### WHAT IS EXPECTED:
Apart from the images, the entire listing below must be restated word for word.

### RAW DATA:
+-------+
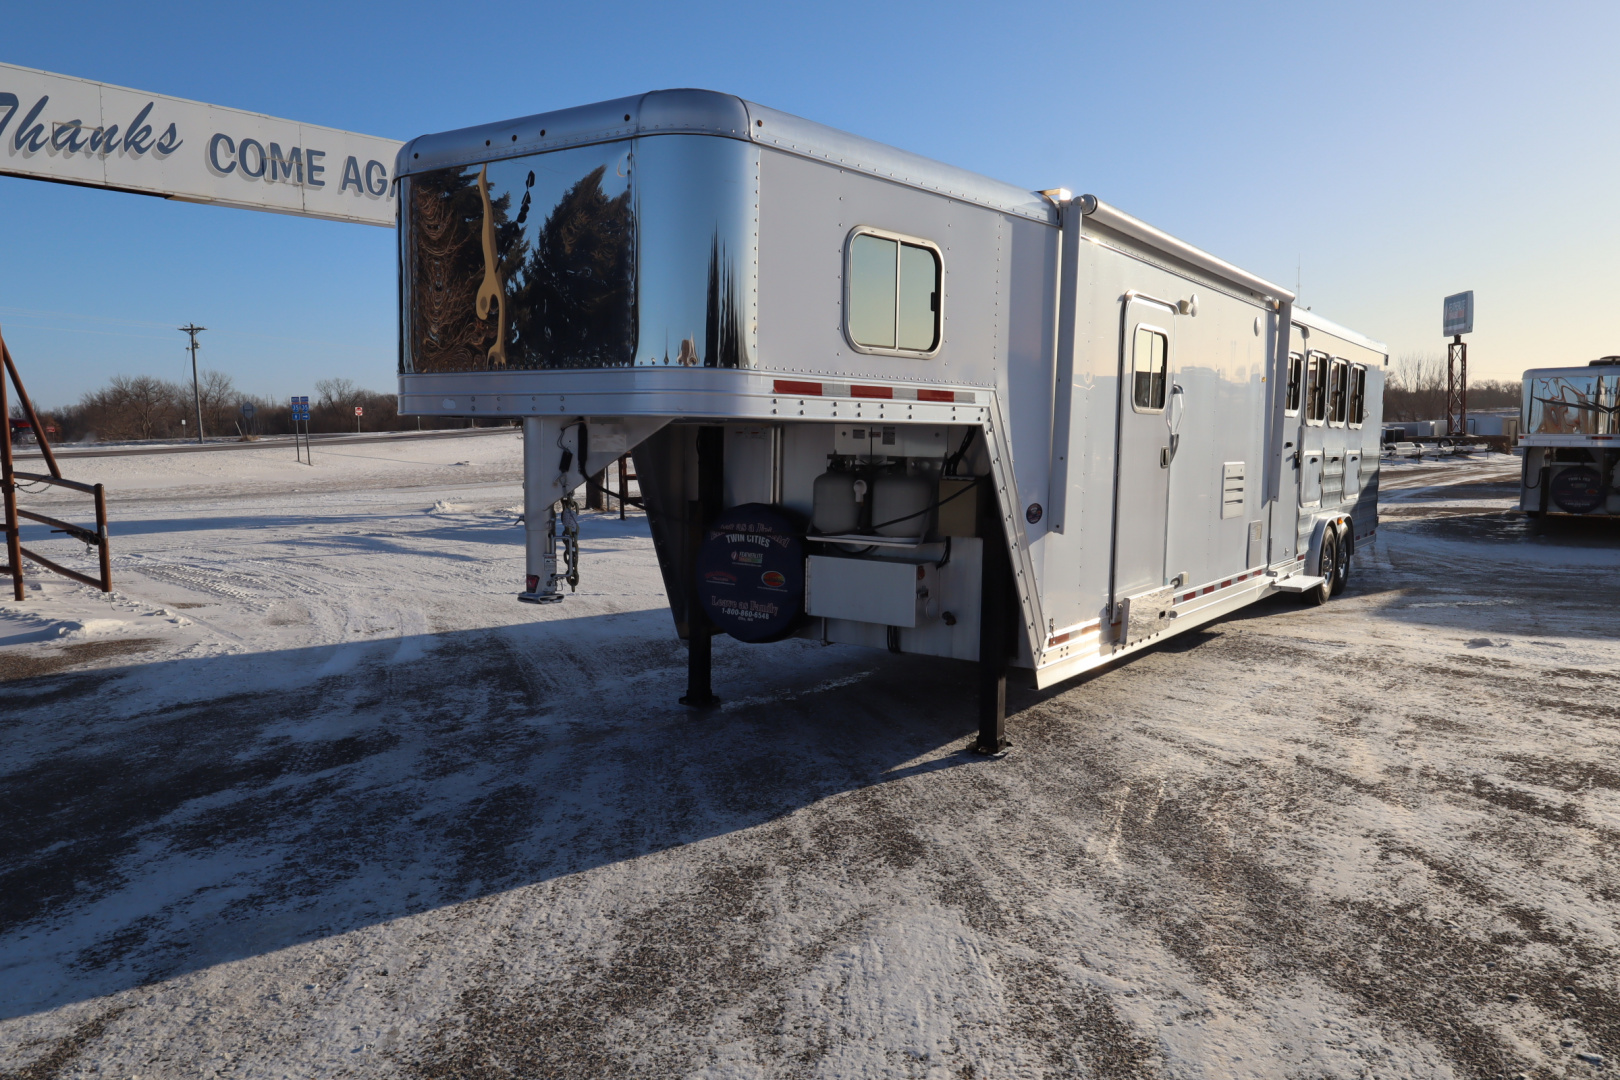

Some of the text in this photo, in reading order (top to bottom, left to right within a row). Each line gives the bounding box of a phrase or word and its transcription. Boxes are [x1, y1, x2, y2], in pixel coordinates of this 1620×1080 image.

[208, 132, 327, 187] COME
[340, 154, 396, 198] AG
[725, 533, 771, 548] TWIN CITIES
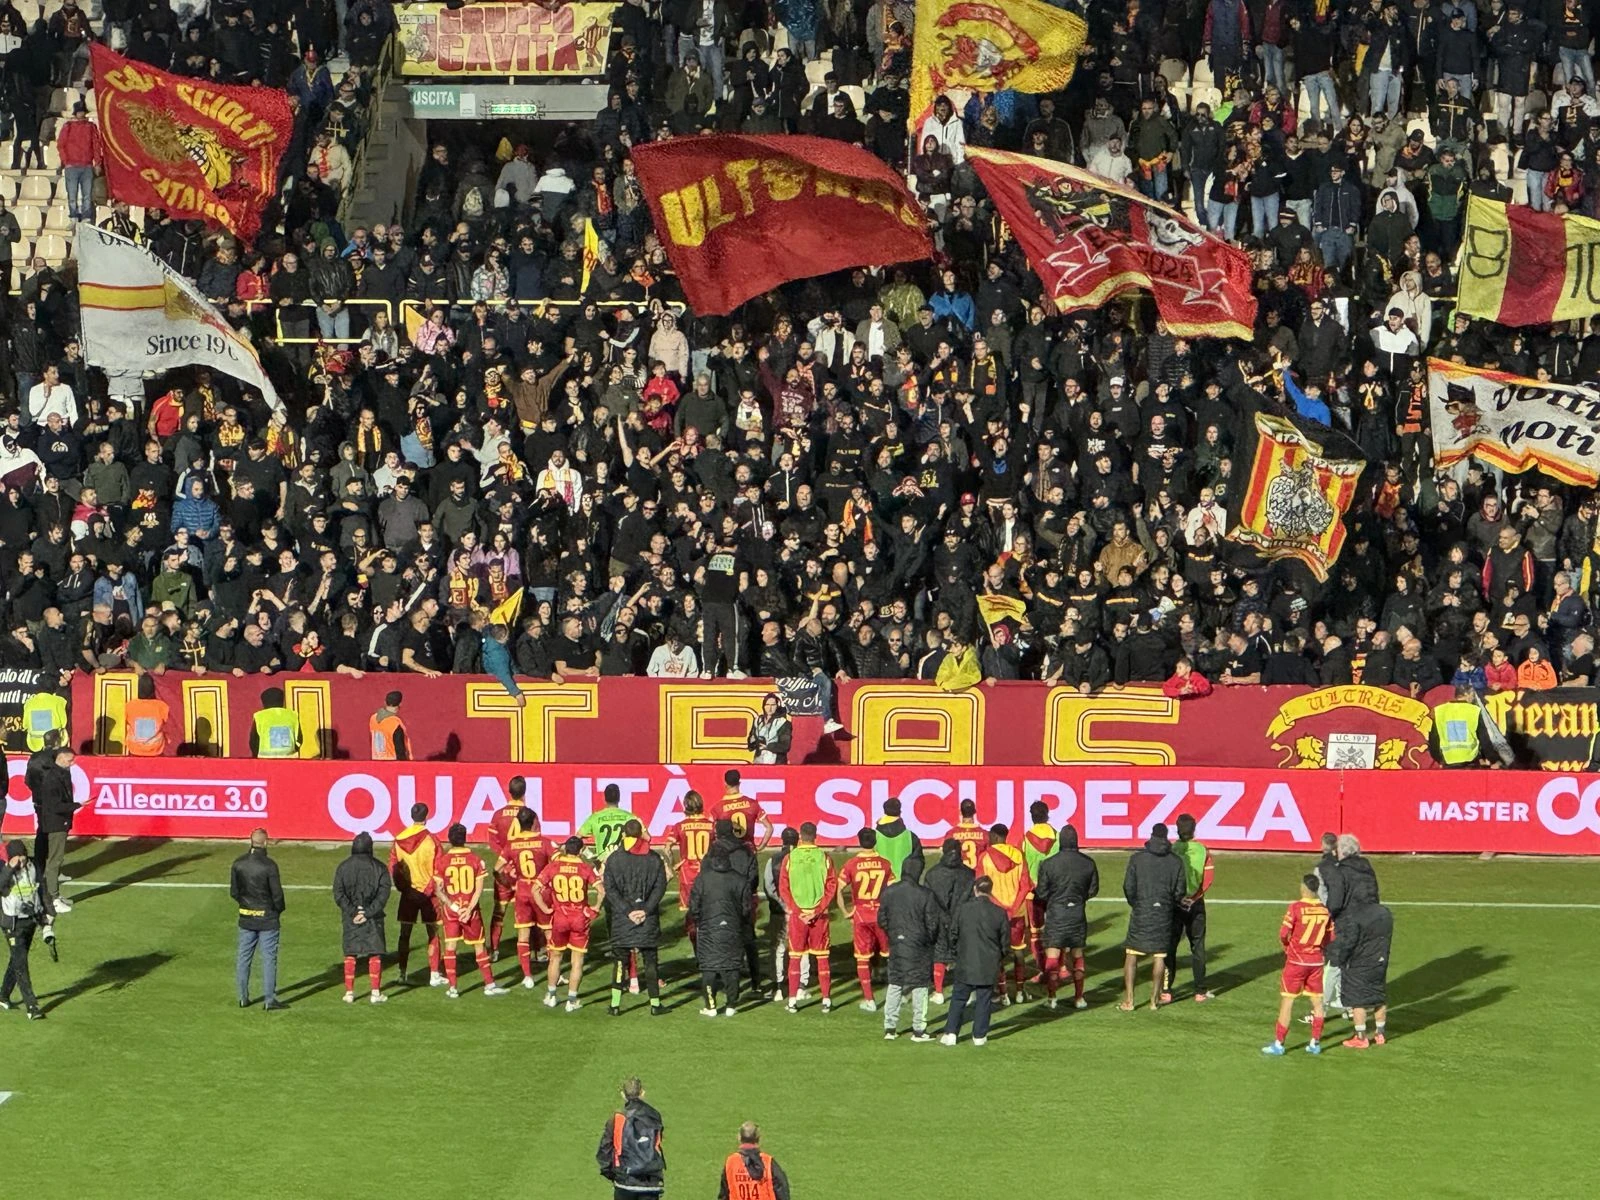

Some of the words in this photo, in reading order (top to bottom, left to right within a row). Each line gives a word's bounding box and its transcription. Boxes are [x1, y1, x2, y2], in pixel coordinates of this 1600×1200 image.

[439, 7, 575, 34] GRUPPO
[437, 34, 580, 71] CAVITA
[413, 91, 455, 106] USCITA
[146, 333, 200, 356] Since
[1306, 688, 1405, 714] ULTRAS
[95, 784, 215, 809] Alleanza
[224, 787, 267, 811] 3.0
[328, 764, 702, 841] QUALITÀ
[814, 778, 1313, 843] SICUREZZA
[1418, 801, 1530, 822] MASTER
[685, 831, 710, 860] 10
[961, 840, 977, 869] 3
[519, 850, 537, 879] 6
[445, 865, 475, 895] 30
[552, 874, 584, 903] 98
[855, 870, 886, 900] 27
[1300, 914, 1329, 946] 77
[739, 1183, 760, 1200] 014
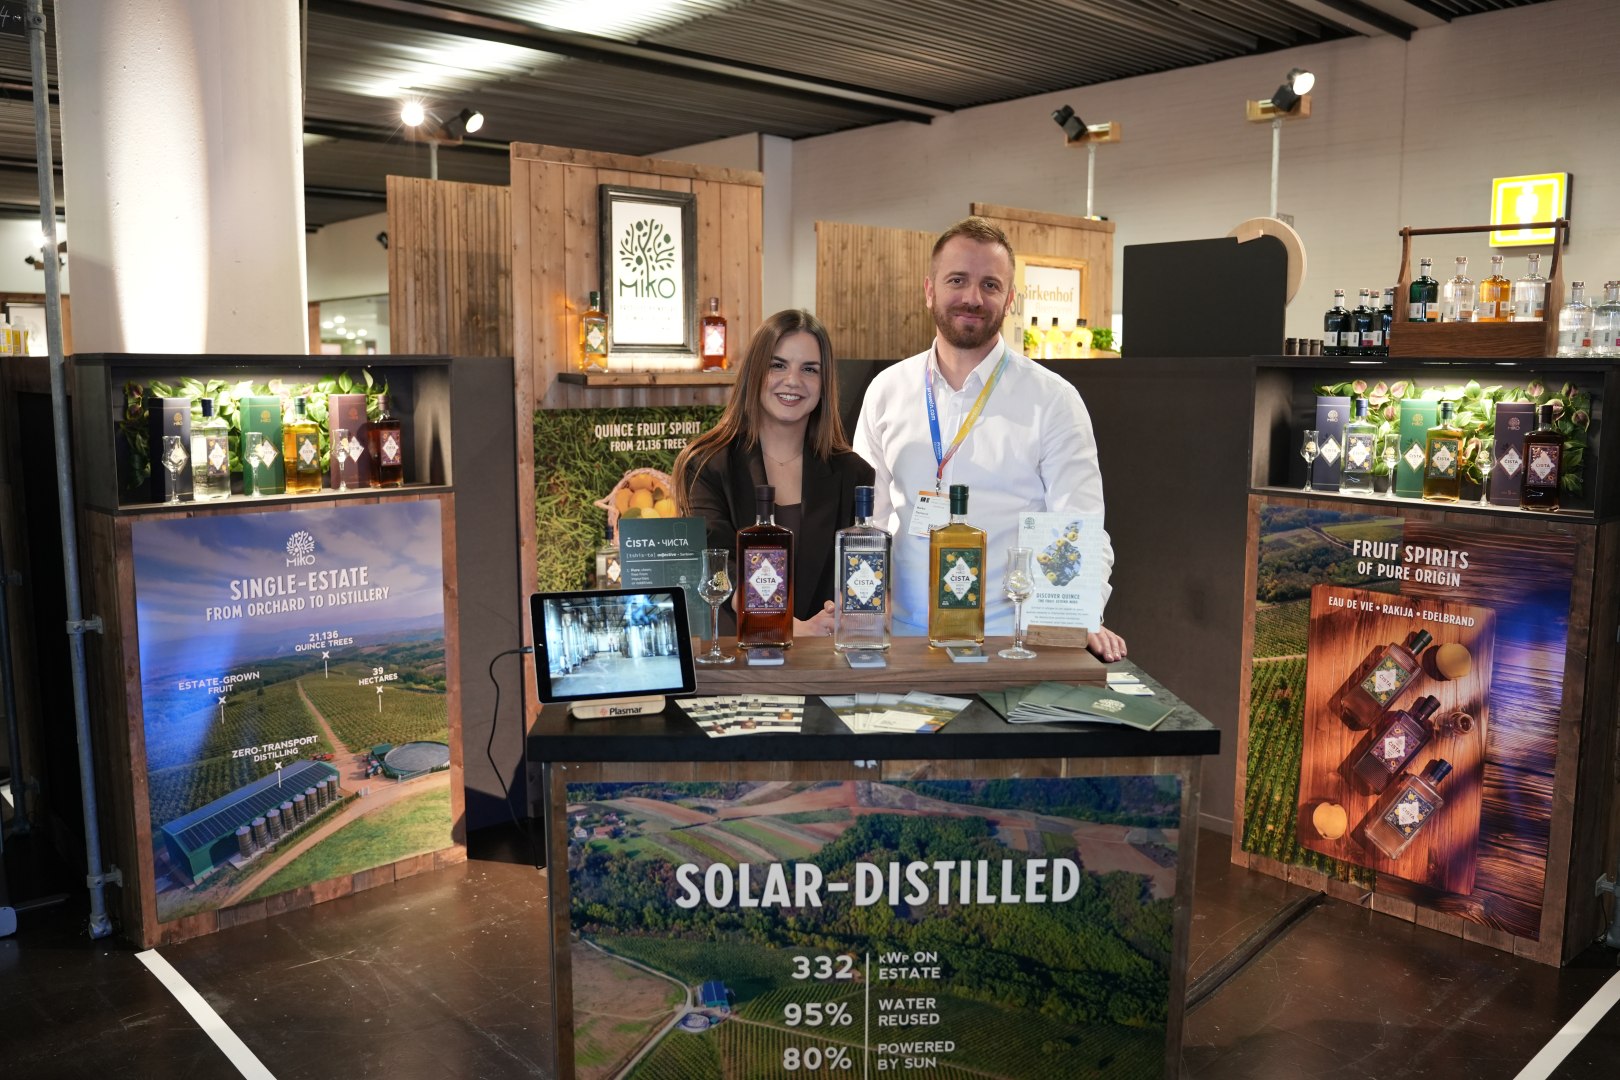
+-------+
### EXERCISE RESPONSE:
Some of the text in this photo, in reading order (top to bottom, left to right within a row). Each line gives the bounding box of a phrase or word and its transcription. Boxes are [x1, y1, x2, y2], in pixel coordinates of this 1620×1080 image.

[208, 132, 327, 187] COME
[340, 154, 396, 198] AG
[725, 533, 771, 548] TWIN CITIES

Some of the words in this photo, in reading order (top to bottom, left to right within a row). Each line gives a word's bounding box and its transcription. Boxes are [x1, y1, x2, y2], in pixel coordinates of this 1600×1200 image.

[439, 7, 575, 34] GRUPPO
[437, 34, 580, 71] CAVITA
[413, 91, 455, 106] USCITA
[146, 333, 200, 356] Since
[1306, 688, 1405, 714] ULTRAS
[95, 784, 215, 809] Alleanza
[224, 787, 267, 811] 3.0
[328, 764, 702, 841] QUALITÀ
[814, 778, 1313, 843] SICUREZZA
[1418, 801, 1530, 822] MASTER
[685, 831, 710, 860] 10
[961, 840, 977, 869] 3
[519, 850, 537, 879] 6
[445, 865, 475, 895] 30
[552, 874, 584, 903] 98
[855, 870, 886, 900] 27
[1300, 914, 1329, 946] 77
[739, 1183, 760, 1200] 014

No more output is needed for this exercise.